At a high level of generality, one answer to this question is that the political branches of government often do a bad job when dealing with religion. The state simply cannot be trusted to make  decisions involving religion. This is a power that will too often be abused. Minority faiths, in particular, will be vulnerable to insensitivity to their interests at best and far too often will be victimized by discrimination and oppression. The immense power and resources of government should not be used to influence religious choice, by regulation or proselytizing. Americans of different faiths and those who hold secular rather than religious beliefs should be treated with equal respect by their government. We don’t trust  political majorities and the branches of government they control to do that.2

Core Religion Clause Values

A corollary to this lack of trust is the conviction that religion is an inalienable interest in the most basic sense. It is inherently a matter of individual conviction and voluntary association, not state authority. This is not an area of decision-making that is vested in government or majorities. What constitutes religious truth on transcendent matters or spiritually meaningful modes of worship should not be debated in the halls of the legislature or determined at the ballot box. Government does not need the power to decide religious issues to do its job and religion does not need the government to thrive in a free society.

If we focus on specific values, we see that the religion clauses implicate three basic rights; personal liberty and institutional autonomy, group equality, and freedom of speech. Religious liberty and autonomy is essentially a dignitary interest. It is intrinsic to human dignity for individuals to be able to make personal choices that define their identity and form the foundation of much of their lives. Accepting and abiding by a religious faith is the kind of self-defining decision that belongs, as of right, to the individual, not to the state. his liberty interest also includes the decision to not adopt a religious faith. Accordingly, protecting the freedom to exercise religion cannot impose undue costs on those who do not adopt a religious faith.

Religious liberty also further instrumental goals. If religion can be kept sufficiently separate from government, it can operate as a monitor and moral check of government abuses of power. Many of the most important movements for social change in American history were based on religious ideas and promoted by religious associations.

Religious equality requires equality of treatment and equality of respect. The latter value, grounded in an equal protection perspective, is directed at status as well as material discrimination. There is no state hierarchy of faiths according to which the government promotes or proselytizes in favor of certain religious communities and disparages or disfavors others.

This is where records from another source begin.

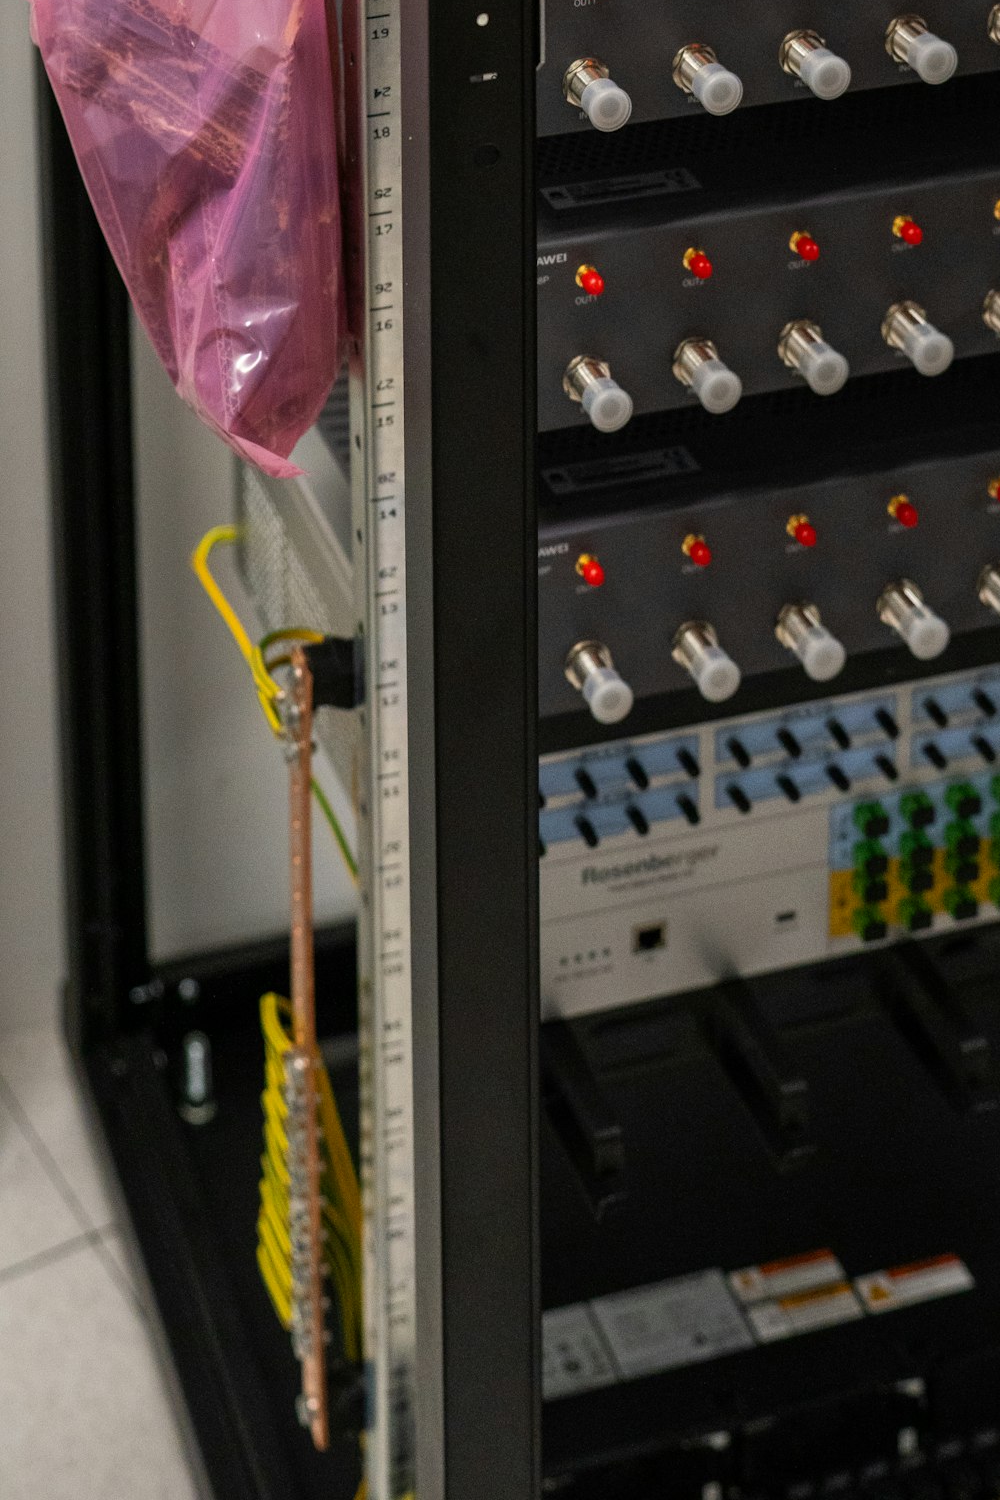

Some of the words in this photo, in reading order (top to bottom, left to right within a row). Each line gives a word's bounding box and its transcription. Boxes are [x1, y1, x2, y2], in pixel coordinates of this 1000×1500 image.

[372, 28, 390, 40] 19
[374, 86, 391, 98] 24
[373, 126, 390, 140] 18
[374, 188, 392, 198] 25
[375, 224, 392, 236] 17
[536, 253, 567, 266] AWEI
[376, 319, 392, 332] 16
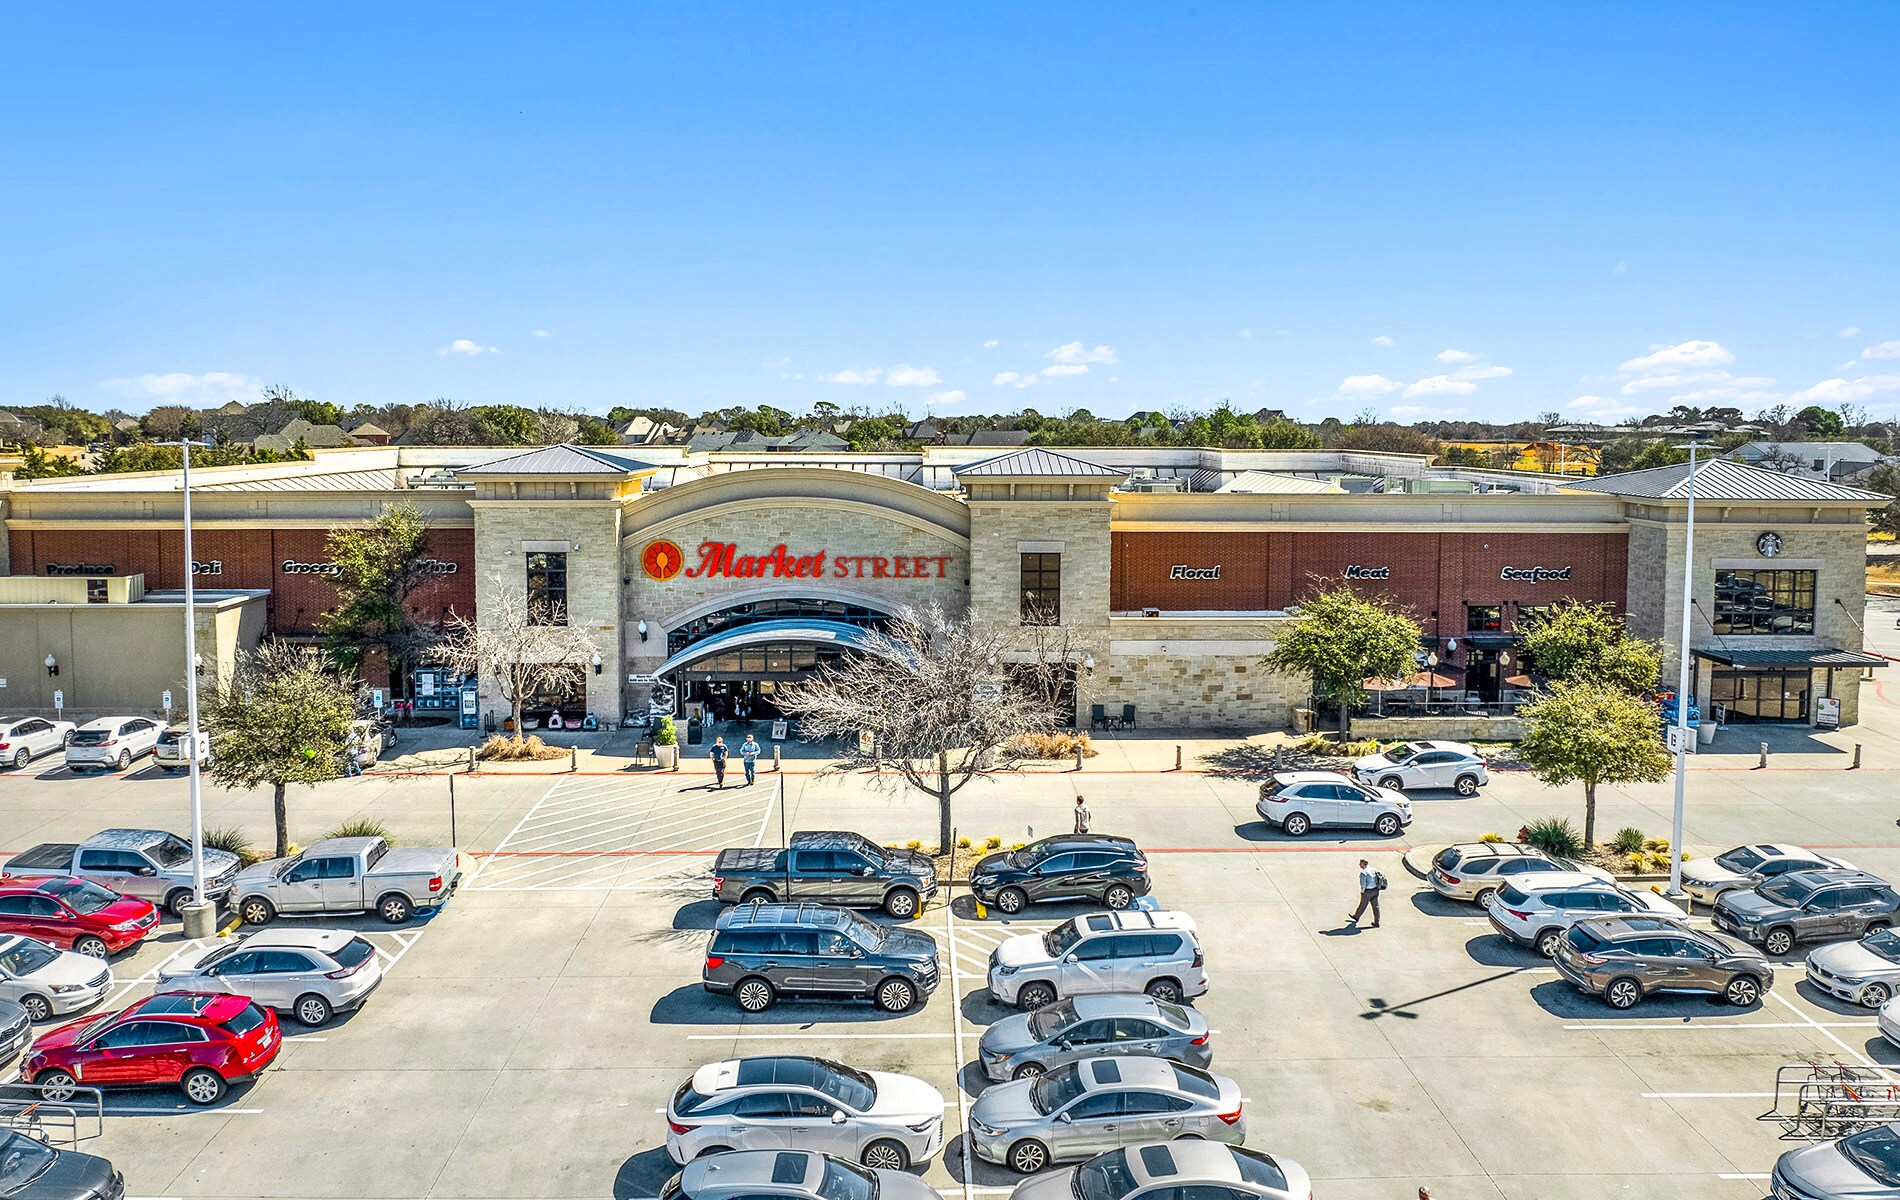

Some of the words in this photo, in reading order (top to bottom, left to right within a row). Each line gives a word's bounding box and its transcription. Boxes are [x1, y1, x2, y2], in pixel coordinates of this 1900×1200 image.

[191, 560, 222, 575] Deli
[685, 541, 827, 579] Market
[833, 556, 953, 579] STREET
[46, 562, 115, 576] Produce
[282, 560, 346, 577] Grocery
[1170, 564, 1221, 580] Floral
[1345, 565, 1390, 580] Meat
[1500, 565, 1571, 584] Seafood
[199, 740, 206, 754] C

Concern for freedom of speech precludes government from distorting the marketplace of ideas through the exercise of regulatory power in favor of certain viewpoints and against others. Many aspects of religious exercise are expressive in nature: proselytizing, sermons, songs and hymns, books and pamphlets, and prayer. Religion is a major voice in our society. Protecting expressive religious exercise, but not the expressive activities of secular individuals and institutions, or vice versa, raises free speech concerns. 

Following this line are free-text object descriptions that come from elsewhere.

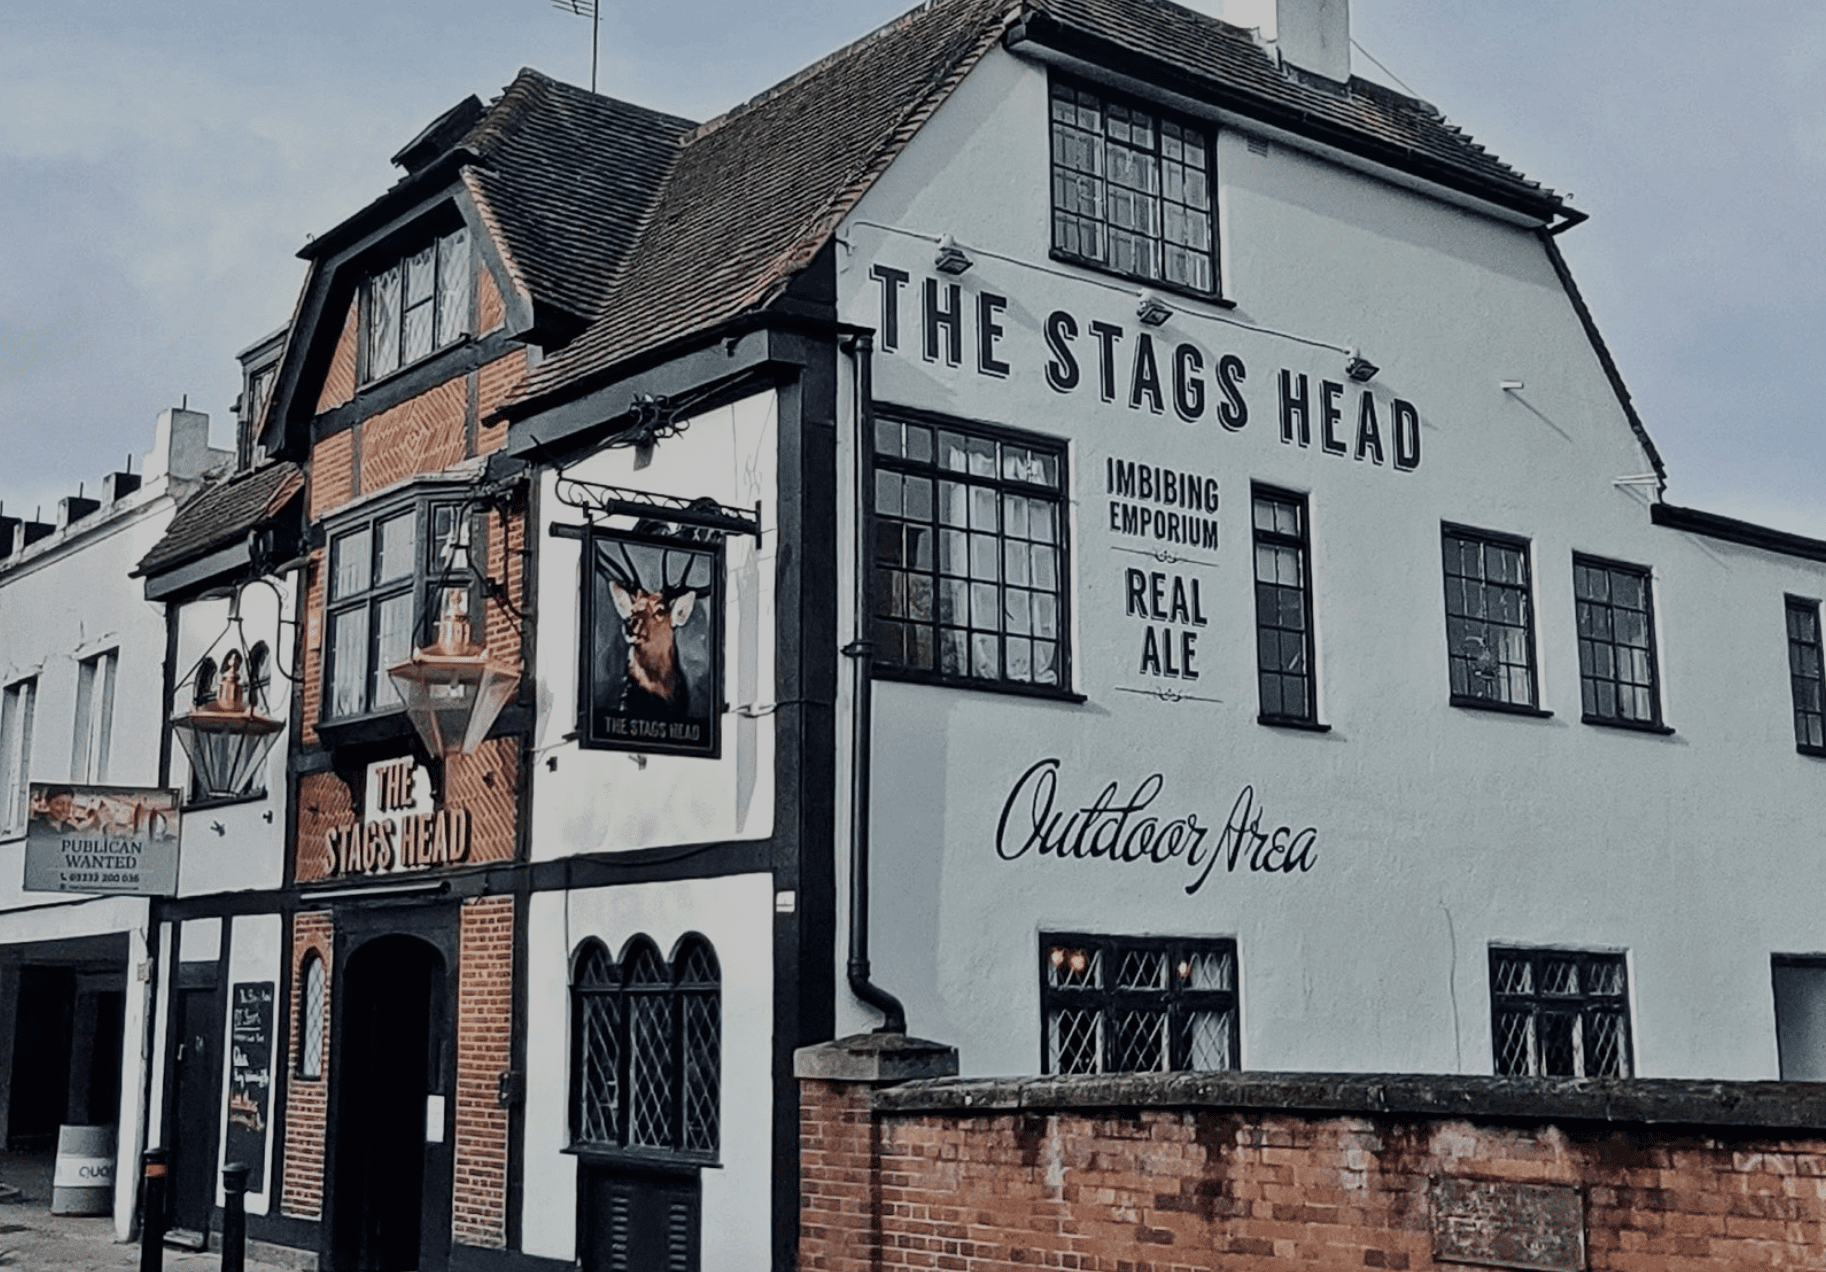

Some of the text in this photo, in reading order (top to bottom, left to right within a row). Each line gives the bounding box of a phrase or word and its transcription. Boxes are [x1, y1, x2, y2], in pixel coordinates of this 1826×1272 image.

[870, 264, 1421, 472] THE STAGS HEAD
[1107, 457, 1219, 514] IMBIBING
[1109, 501, 1219, 551] EMPORIUM
[1125, 567, 1208, 626] REAL
[1139, 627, 1200, 679] ALE
[604, 716, 700, 741] THE STAGS HEAD
[375, 761, 416, 812] THE
[61, 839, 142, 854] PUBLICAN
[324, 808, 470, 875] STAGS HEAD
[995, 758, 1318, 895] Outdoor Area
[65, 855, 137, 869] WANTED

How do these various independent but overlapping values relate to contemporary doctrinal disputes about the meaning of the Free Exercise Clause and the Establishment Clause? In this brief essay, I cannot come close to discussing all of the church-state issues being debated and litigated today. I hope, however,  to demonstrate the importance of connecting basic values to the development of doctrine by examining three categories of cases.

Regulations That Burden Religious Exercise

Obviously, laws directed at the suppression of a particular faith conflict with the most basic principles of religious liberty and equality and are presumptively unconstitutional, a clear violation of the Free Exercise Clause. There are no legitimate purposes served by singling out religious practice or a particular faith for discriminatory regulatory treatment. Thankfully, state action of this kind is relatively rare in the United States today, in part because it would immediately be challenged and in most cases struck down.  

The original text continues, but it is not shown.